The second issue with charts is that they are by their nature historical. They tell us what has happened, not necessarily what will happen. They can therefore serve as a dangerous comfort blanket where there may be no justification for one.
Thirdly, charts work well under normal market conditions, but struggle to predict step changes, be they in stockmarkets or in individual companies’ share prices. This is partly because they effectively dehumanise and therefore decontextualise performance: they fail to address the “why” when it comes to performance.
Here the FTSE 100’s recent rise is a good case in point. Two of the drivers of the index’s rally have been currency and takeover activity.
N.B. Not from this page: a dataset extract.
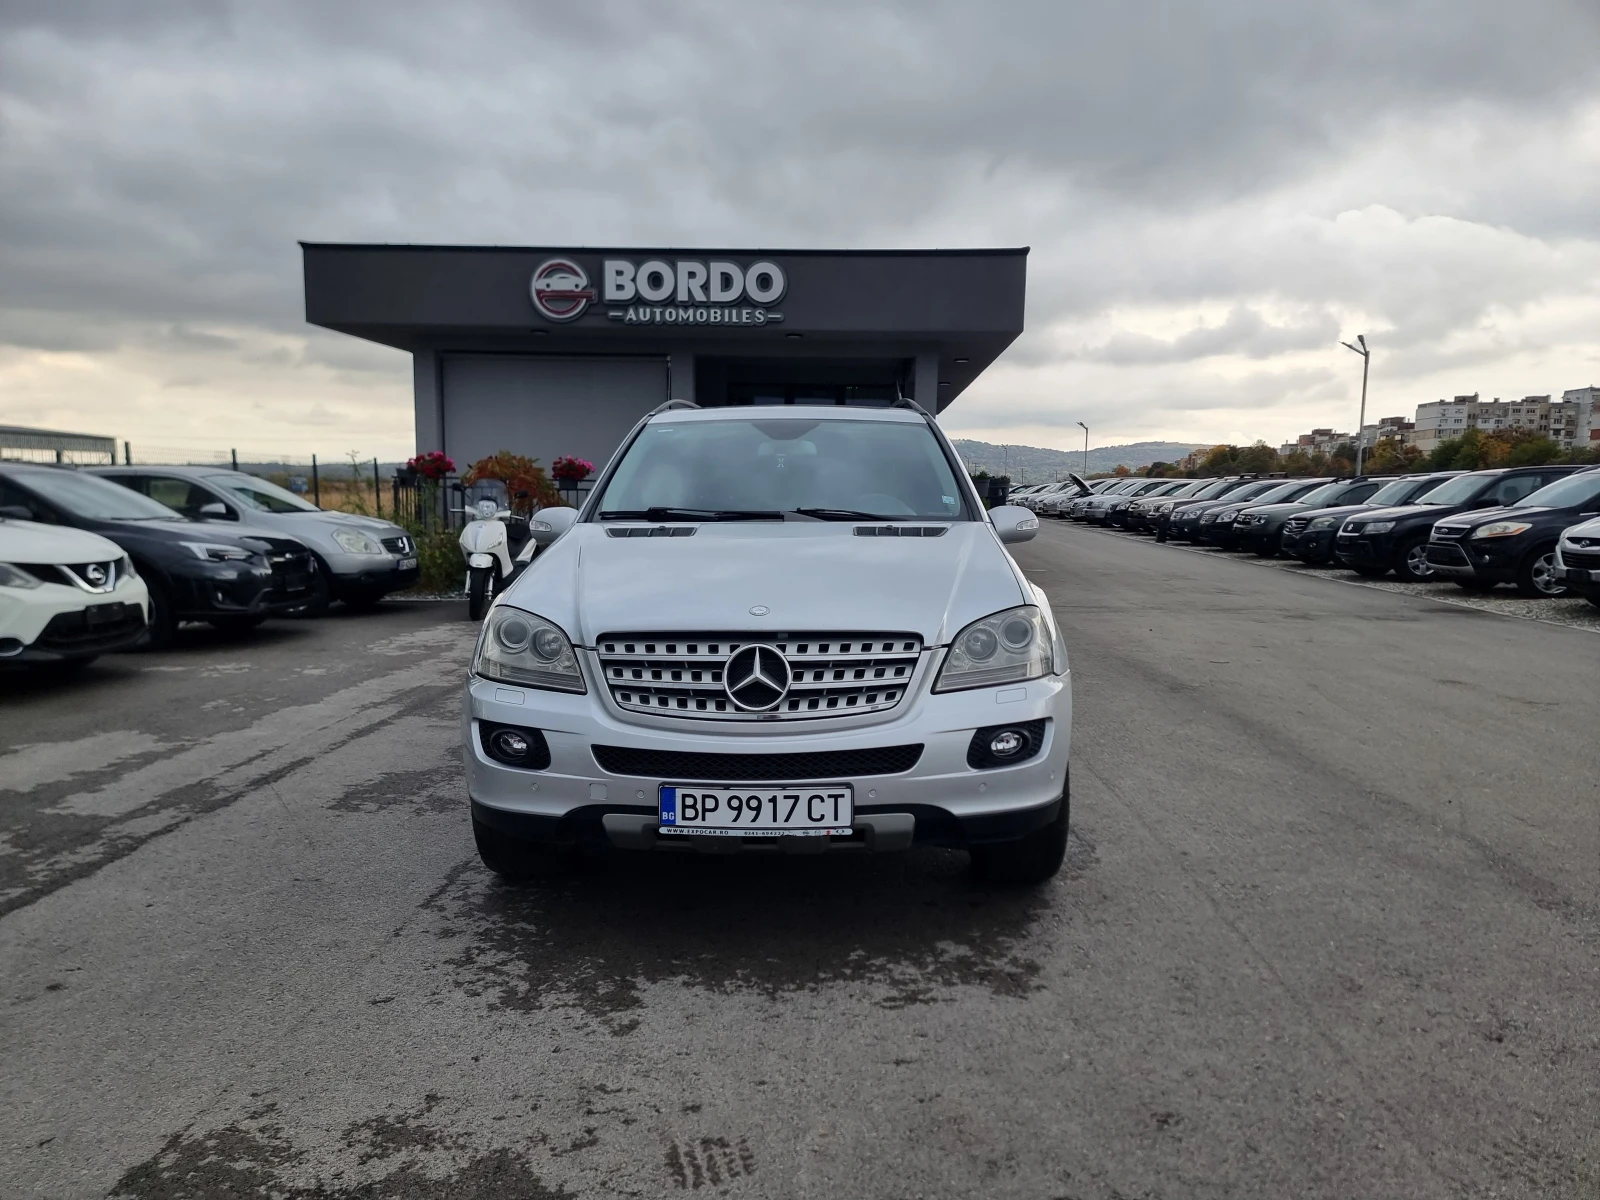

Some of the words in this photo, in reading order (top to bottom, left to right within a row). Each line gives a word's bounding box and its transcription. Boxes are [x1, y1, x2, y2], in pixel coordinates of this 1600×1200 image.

A significant number of FTSE 100 constituents generate their income in US dollars. As the dollar has strengthened this has served to increase these companies’ revenues and profits when they are translated into sterling. An artificial boost that has less to do with fundamental strengths.
Similarly, takeover activity might be seen as an indication of the attractiveness of UK companies. True, but this in turn could simply reflect their undervaluation. Furthermore, every successful takeover serves to further diminish the UK stockmarket in terms of its size and therefore its relevance.
As the song goes, therefore, I fear the recent performance of the FTSE 100 may be little more than “a sweet distraction for an hour or two”.